“Houses are for living in, not for speculating”
AN AGREEMENT that will enable the government to pass ‘the first law giving a right to housing of our democracy’ was reached on Friday, announced PM Pedro Sánchez.
His Socialist (PSOE)-Unidas Podemos coalition has ensured parliamentary support for the bill, which will come from Catalan left-wingers ERC and Basque country separatists EH Bildu. Access to housing is enshrined in the Spanish constitution and Sr Sánchez assured the law will make this ‘a right and not a problem’.
“This law is going to transform an enormous problem, especially for young people in this country,” he said.
It has taken 14 months of negotiations since the draft version was first presented to guarantee that it will be approved.
While Unidas Podemos had prioritised their negotiations with the PSOE on rent caps and protection from evictions, the pro-independence parties had wanted to ensure the law did not step on powers assigned to regional governments.

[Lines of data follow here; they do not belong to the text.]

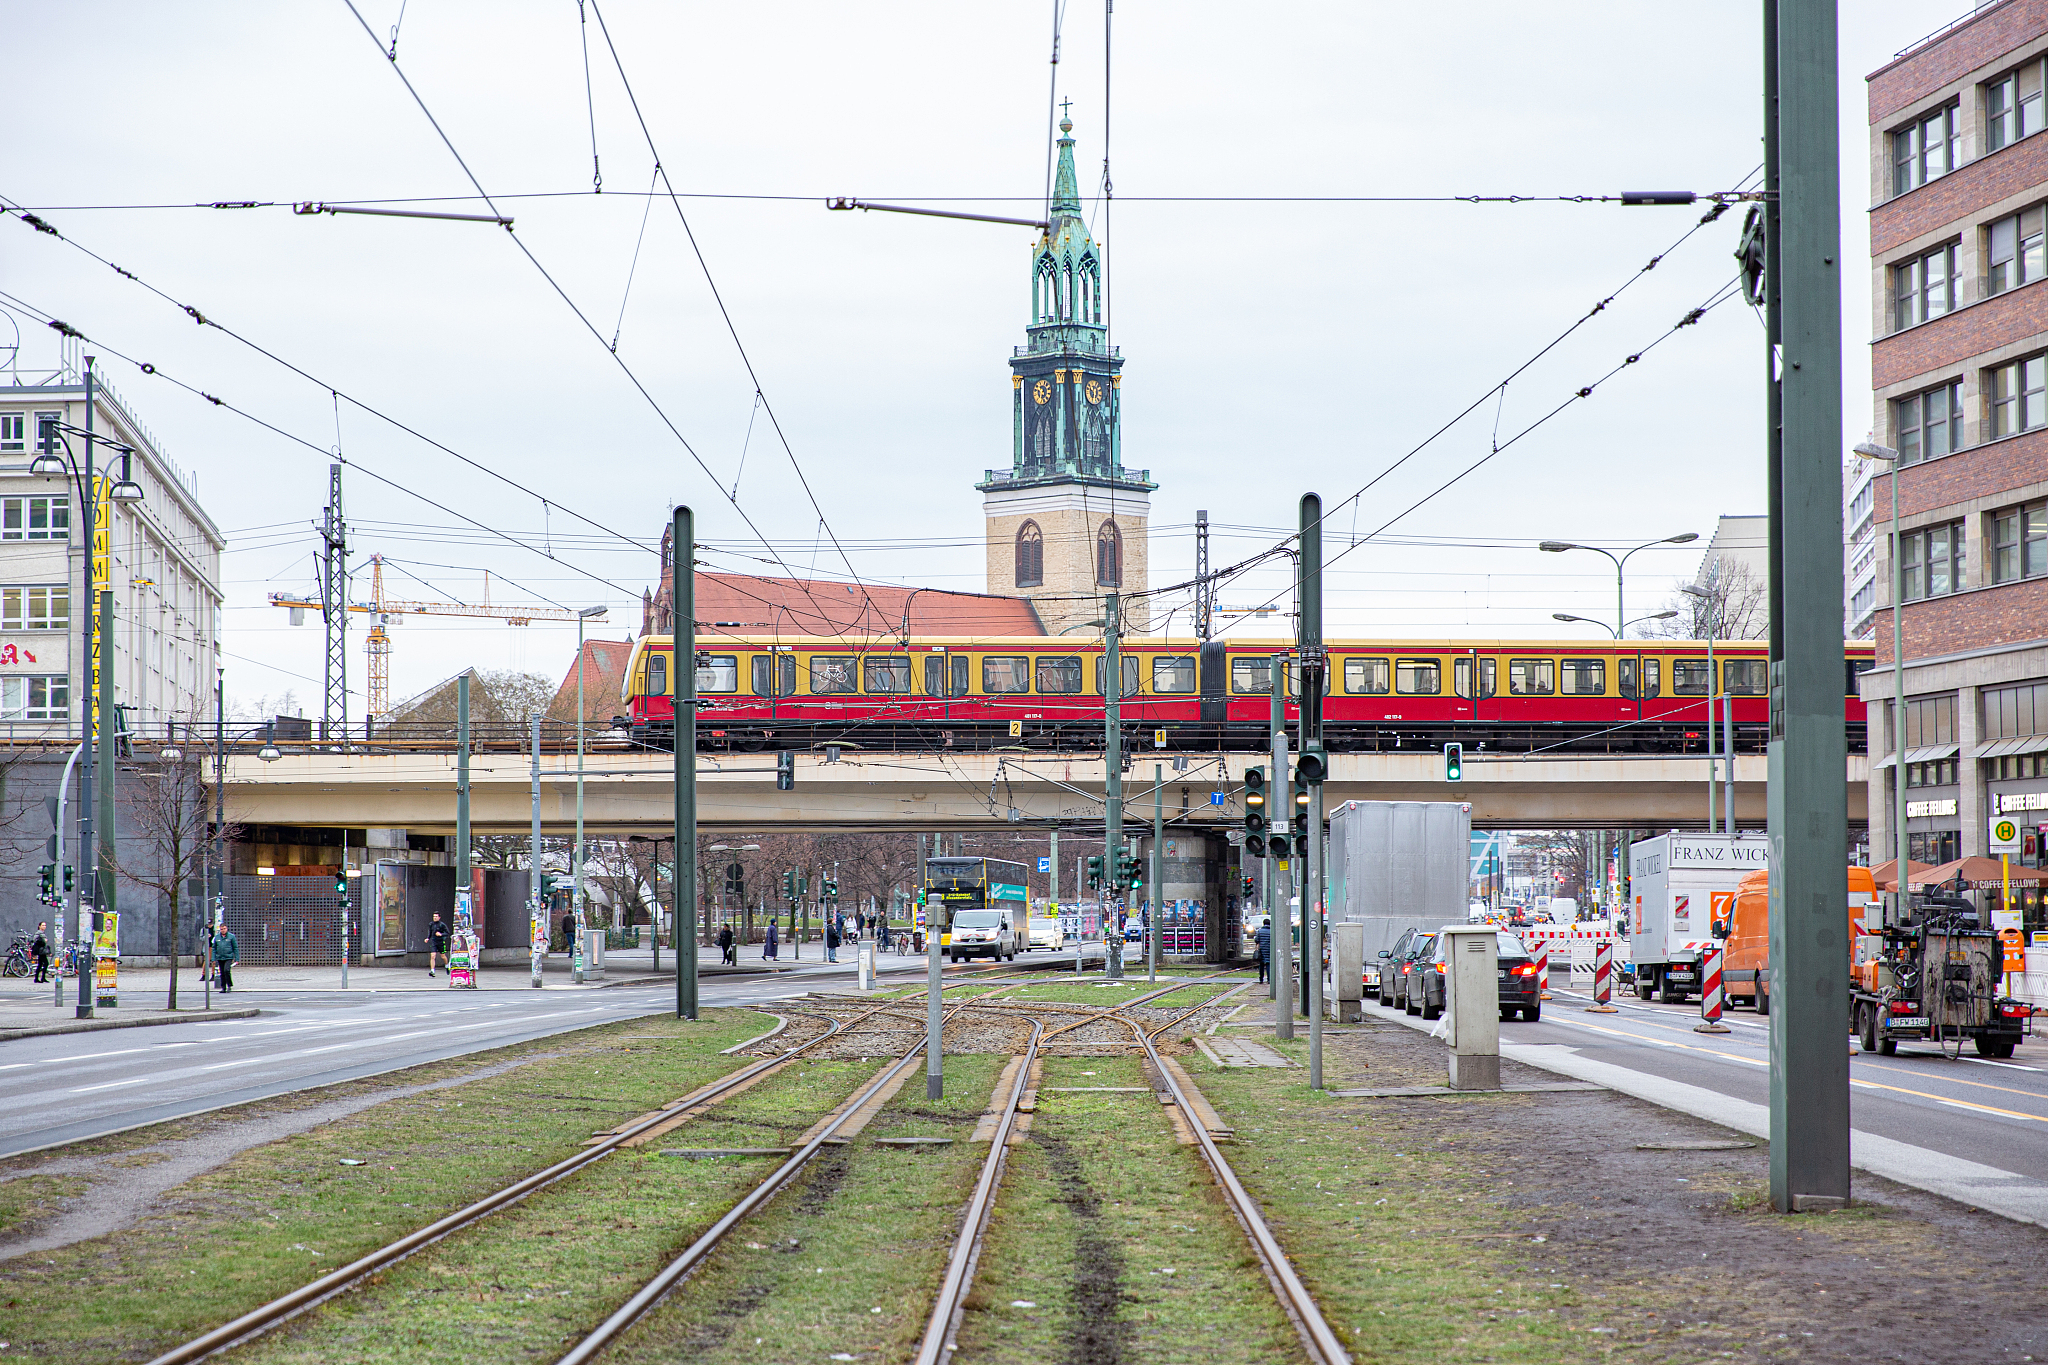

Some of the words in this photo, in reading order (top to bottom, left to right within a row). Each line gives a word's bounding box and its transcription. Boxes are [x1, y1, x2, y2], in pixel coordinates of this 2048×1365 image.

[1012, 723, 1019, 735] 2
[1157, 731, 1164, 742] 1
[1214, 793, 1222, 804] T
[2001, 794, 2025, 812] COFFEE
[1907, 801, 1929, 818] COFFEE
[1928, 798, 1957, 816] FELLOWS
[1674, 847, 1725, 861] FRANZ
[2008, 878, 2041, 889] FELLOWS
[1891, 1018, 1896, 1026] B

Minister for social affairs and secretary general of Podemos, Ione Belarra claimed the law represents ‘a win for the people, and a loss for the banks, vulture funds and speculators’.
“For decades they have been playing Monopoly with our people’s rents and mortgages, for which reason this law is to remind them loud and clear that houses are for living in not for speculating,” she said.

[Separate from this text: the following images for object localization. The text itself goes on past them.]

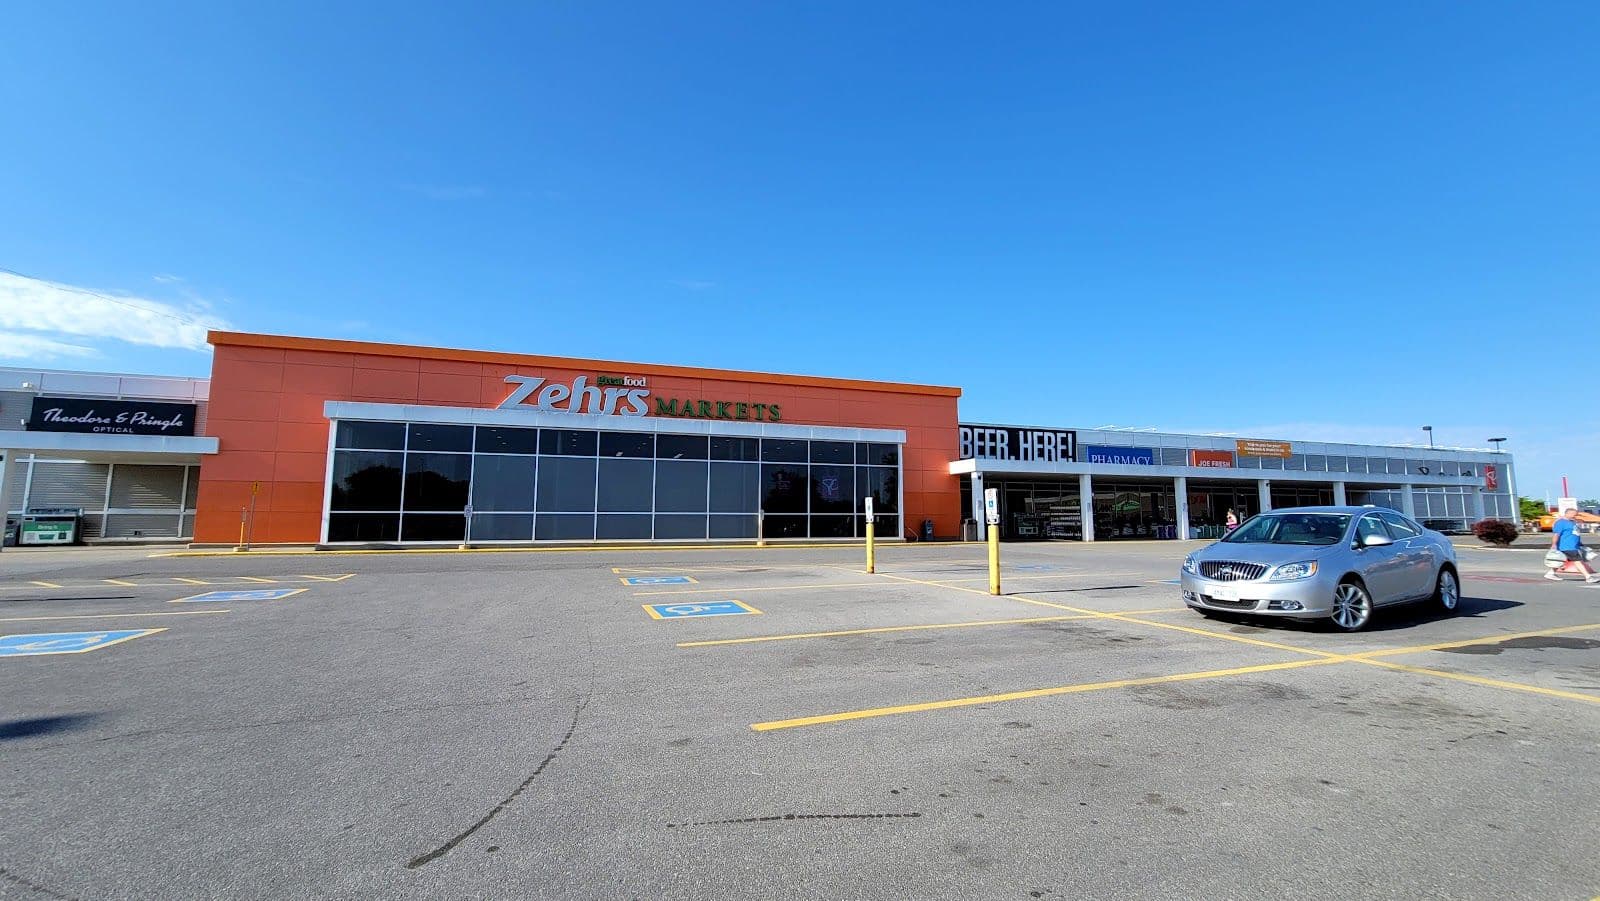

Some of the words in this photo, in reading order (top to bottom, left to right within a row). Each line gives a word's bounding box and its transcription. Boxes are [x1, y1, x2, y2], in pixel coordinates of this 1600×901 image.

[496, 374, 651, 417] Zehrs
[655, 397, 781, 421] MARKETS
[43, 408, 111, 424] Theodore
[115, 411, 129, 423] &
[130, 410, 184, 431] Pringle
[93, 426, 134, 434] OPTICAL
[1018, 430, 1074, 462] HERE!
[1091, 454, 1151, 465] PHARMACY
[1198, 459, 1211, 467] JOE
[1211, 460, 1231, 468] FRESH
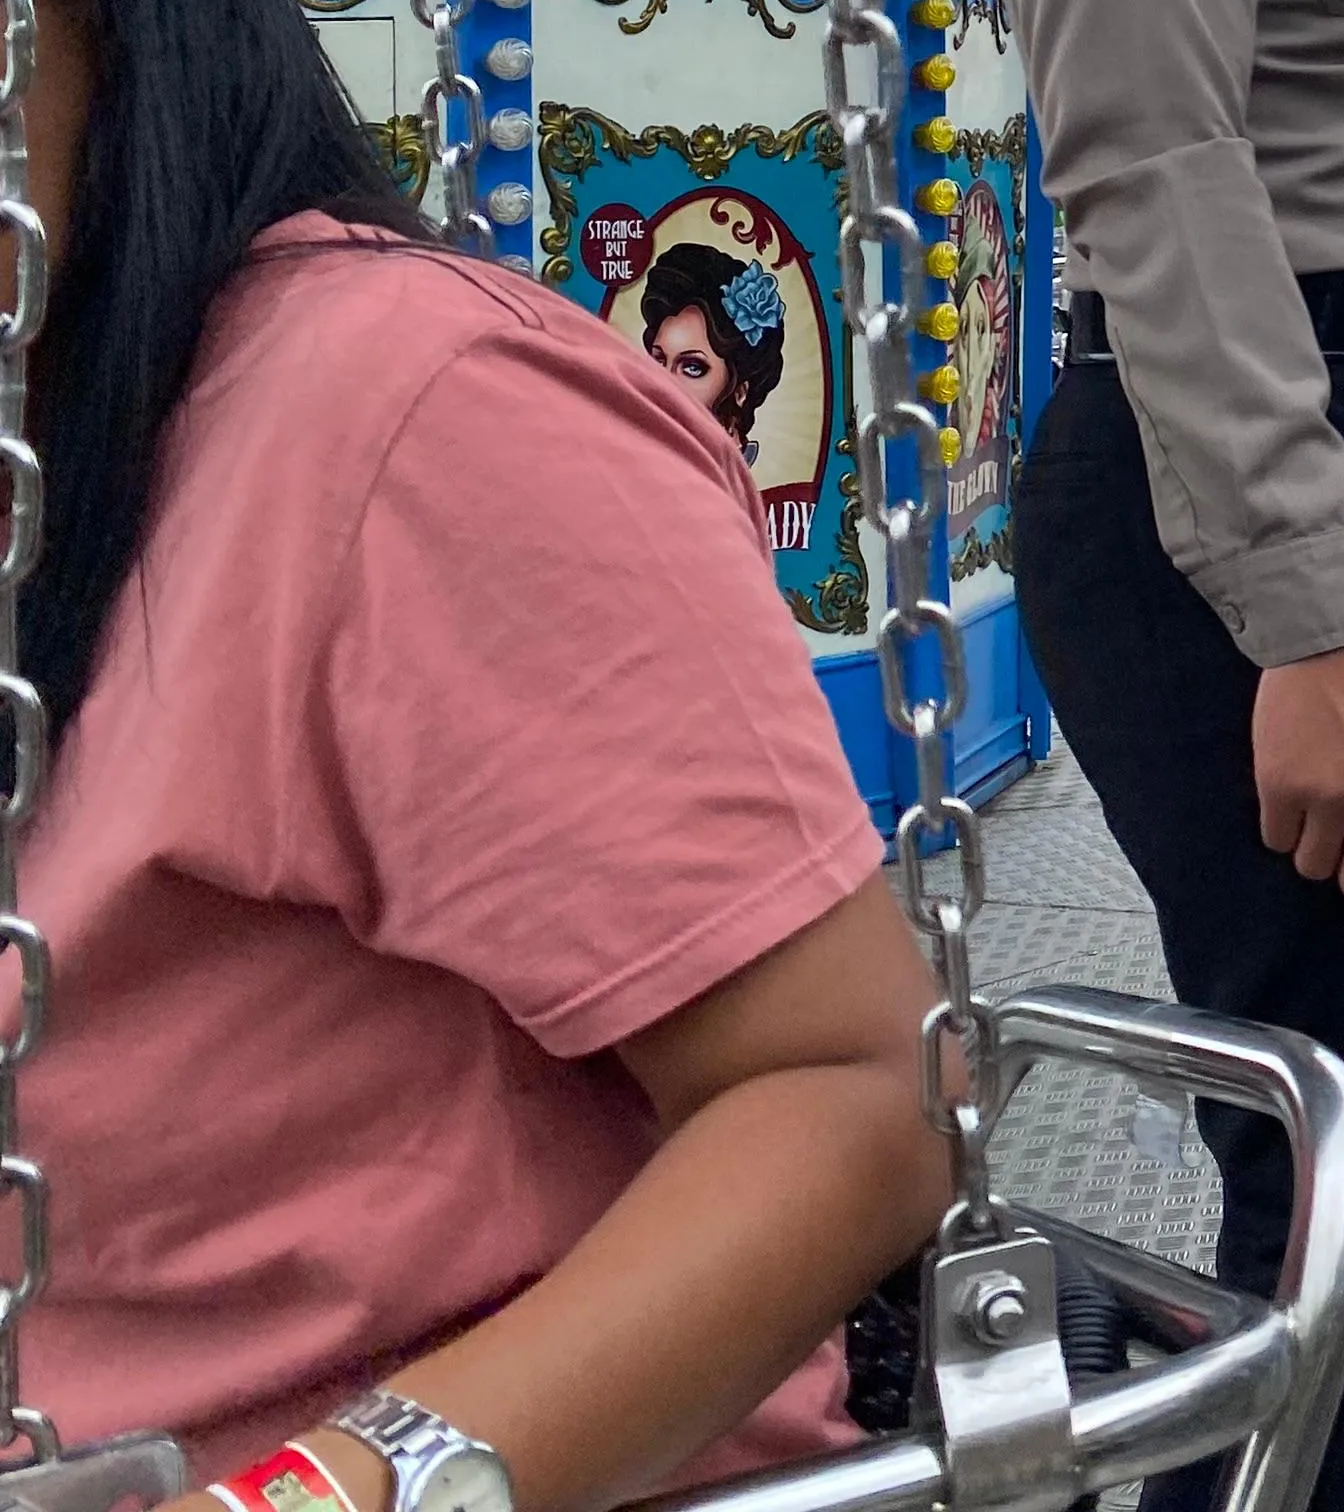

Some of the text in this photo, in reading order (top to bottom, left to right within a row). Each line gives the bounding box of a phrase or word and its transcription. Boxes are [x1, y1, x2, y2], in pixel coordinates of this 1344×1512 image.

[588, 220, 645, 239] STRANGE
[605, 241, 627, 257] BUT
[600, 260, 634, 280] TRUE
[767, 500, 817, 550] ADY

Other measures will increase the stock of public housing available to rent and will mean tenants no longer have to pay estate agencies.
EH Bildu parliamentary spokeswoman Merxe Aizpurus admitted the law ‘will not solve everything’, but will ‘relieve’ the situation of many families and ‘close the door to speculators and vulture funds’.
She noted that the legislation caps rents and prohibits evictions in cases where there is no alternative housing. The rent cap will apply in so-called ‘tensioned’ areas of city centres, and will vary according to whether the owners have many properties.
Opposition Partido Popular (PP) leader Alberto Núñez Feijóo claimed it was ‘shameful’ that the law does not even mention squatting, which is happening almost 50 times a day in Spain. Nevertheless, there are more than twice as many evictions per day in Spain.
Sr Feijóo assured that building more housing is the only way to bring down prices – although this did not hold true during the property boom in 2007 when record numbers of homes were being built but prices were still rising.
An alternative model presented by the PP claims to protect those who have difficulties paying for housing, and help young people to access housing with bank guarantees.
The agreements reached on the housing law include maintaining the cap on rent increases of 2% for this year, and increasing to 3% in 2024, after which a new index will be created to regulate future increases, which will be ‘more stable and less than the consumer price index’ which is currently used.
Evictions will also be prohibited if they do not have a fixed date and time, and there will be new possibilities to extend eviction procedures to over two years.
The property rental sector has argued the law will worsen the situation and generate instability in the market, forcing prices up for new tenants, because the ‘real problem’ is the lack of supply and measures like the rent cap could reduce this even more. Meanwhile the tenants’ union, which fights against abuses by investment funds in the housing market, claimed the law has ‘holes’ which will enable price rises and potential frauds for seasonal contracts; and the association for people affected by mortgages (PAH) claimed it does not go far enough to prevent evictions of vulnerable people. The government aims to definitively approve the housing law in May.